Milán-Cortina.— El lugar común dice que Donovan Carrillo es un Quijote: un deportista que desafía la lógica y la comodidad. A sus 26 años, el patinador artístico mexicano está por competir en sus segundos Juegos Olímpicos de Invierno, una hazaña poco común para un país sin tradición en deportes sobre hielo.
Carrillo comenzó su historia en una pista de hielo dentro de un centro comercial, lejos de la tecnología y las condiciones de la élite europea o asiática. Desde Zapopan, Jalisco, y posteriormente en León, Guanajuato, persiguió el sueño de convertirse en una estrella del patinaje artístico, aun sin contar con centros de alto rendimiento ni patines de clase mundial.

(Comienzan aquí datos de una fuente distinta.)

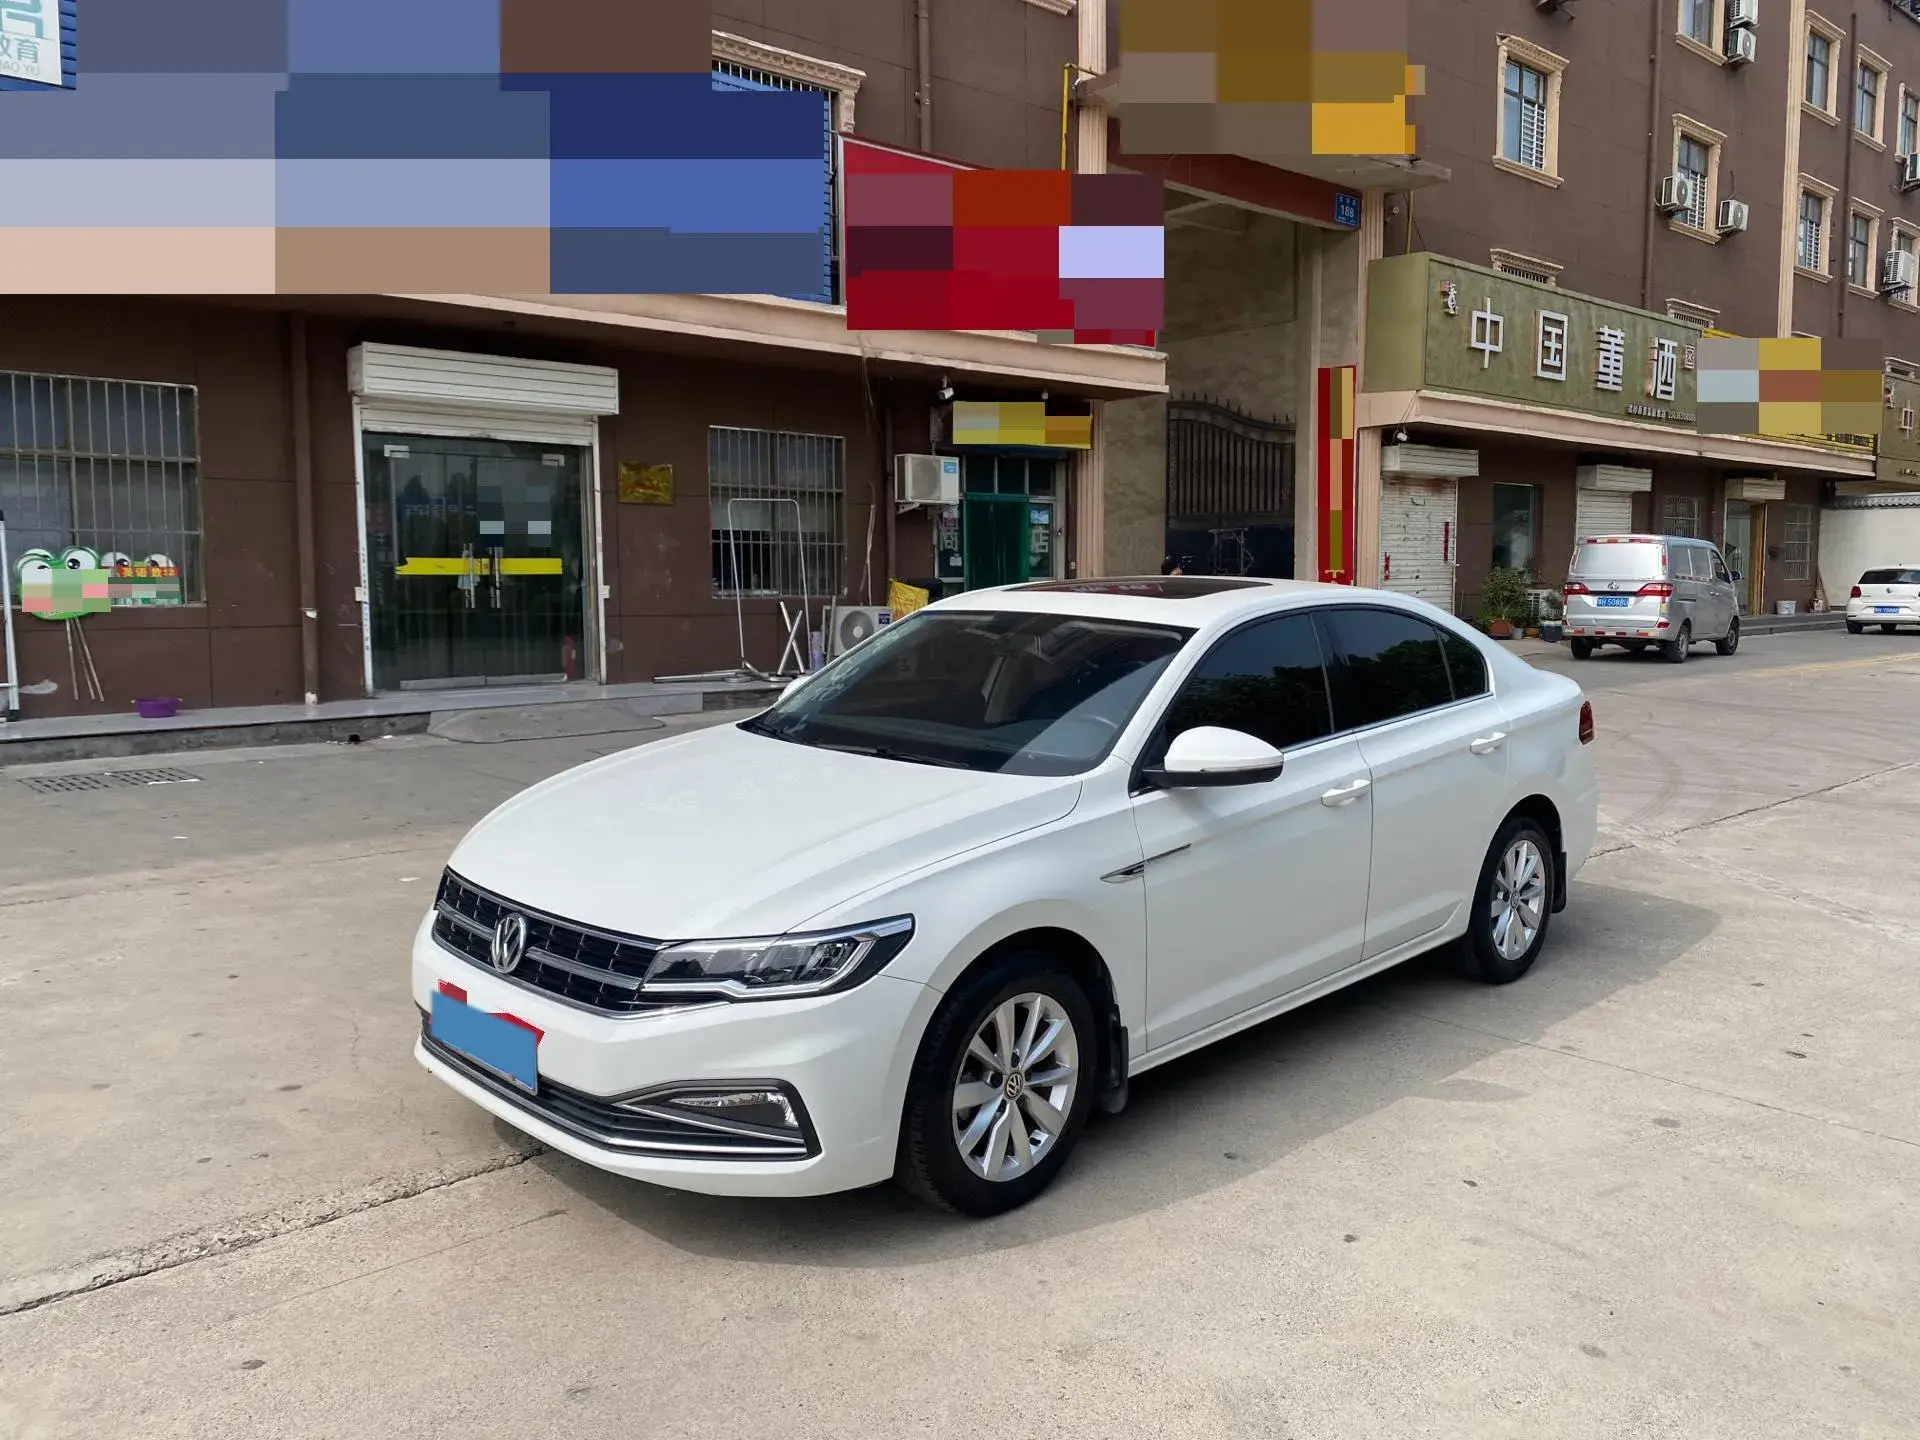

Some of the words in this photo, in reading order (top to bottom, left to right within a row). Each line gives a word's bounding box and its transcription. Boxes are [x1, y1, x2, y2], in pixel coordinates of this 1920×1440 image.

[1341, 204, 1354, 218] 188
[1471, 297, 1678, 401] 中国董酒

Si alguien le hubiera dicho en su adolescencia que competiría en dos Juegos Olímpicos, la sonrisa habría sido eterna. Renunció a una vida común para buscar lo extraordinario. Su primera clasificación olímpica fue en Pekín, hace cuatro años, donde compitió en un contexto pospandémico y logró llegar a la final del patinaje artístico masculino, siendo el único latinoamericano en la prueba. Finalizó en el lugar 22, resultado que fue visto por algunos como un fracaso y por otros como un mérito histórico.
México está lejos de ser una potencia deportiva. Con 133.4 millones de habitantes, de acuerdo con el INEGI, el país ha obtenido 78 medallas en deportes que no implican nieve o hielo, mientras que en los Juegos Olímpicos de Invierno no ha ganado ninguna en 11 ediciones. En Milán-Cortina 2026, la delegación mexicana estará integrada por Sarah Schleper, Allan Corona, Regina Martínez, Lasse Gaxiola y Donovan Carrillo. “Son atletas que han superado procesos largos de clasificación, entrenamientos fuera del país y muchos casos en condiciones adversas que exigen sacrificios personales y familiares”, señaló Rommel Pacheco, titular del deporte mexicano.
El carisma de Carrillo ha conquistado a México desde que tenía 16 años. Su presentación con la canción Hasta que te conocí, de Juan Gabriel, en 2016 durante el Grand Prix Figure Skating, lo colocó en la viralidad y en la memoria colectiva. Hoy cuenta con cerca de medio millón de seguidores en Instagram y se convirtió en un imán para patrocinadores. Junto con la fama, también enfrentó comentarios machistas y homófobos, a los que ha respondido con un mensaje de apertura y respeto.
Su actuación en Pekín llamó la atención de The New York Times, que destacó el toque latino que lo llevó a competir entre los mejores del mundo. Para Carrillo, convivir con la élite del patinaje le permitió aprender de sus rutinas, preparación y hábitos para mejorar su rendimiento.
De cara a Milán-Cortina, el patinador fue abanderado junto a Sarah Schleper en una ceremonia encabezada por la presidenta Claudia Sheinbaum. “Voy con la expectativa de hacer mi mejor papel posible, el resultado solo será una consecuencia de todo lo que he trabajado con mi equipo”, afirmó.
Carrillo competirá en el programa corto el 10 de febrero a las 11:30 horas (tiempo de México) y en el programa libre el 13 de febrero a las 12:00 horas. Para la primera rutina utilizará Hip Hip Chin Chin, de Club des Belugas; en la segunda, una combinación de Trouble, Jailhouse Rock y A Little Less Conversation, de Elvis Presley. Además, My Way, de Frank Sinatra, tendrá un significado especial, al ser una canción dedicada a su abuela materna.
Donovan Carrillo conoce la caída, el error y el fracaso sobre el hielo, pero aún desconoce el techo de su talento. El niño que patinaba en un centro comercial hoy está acostumbrado al sonido de sus cuchillas sobre el hielo profesional.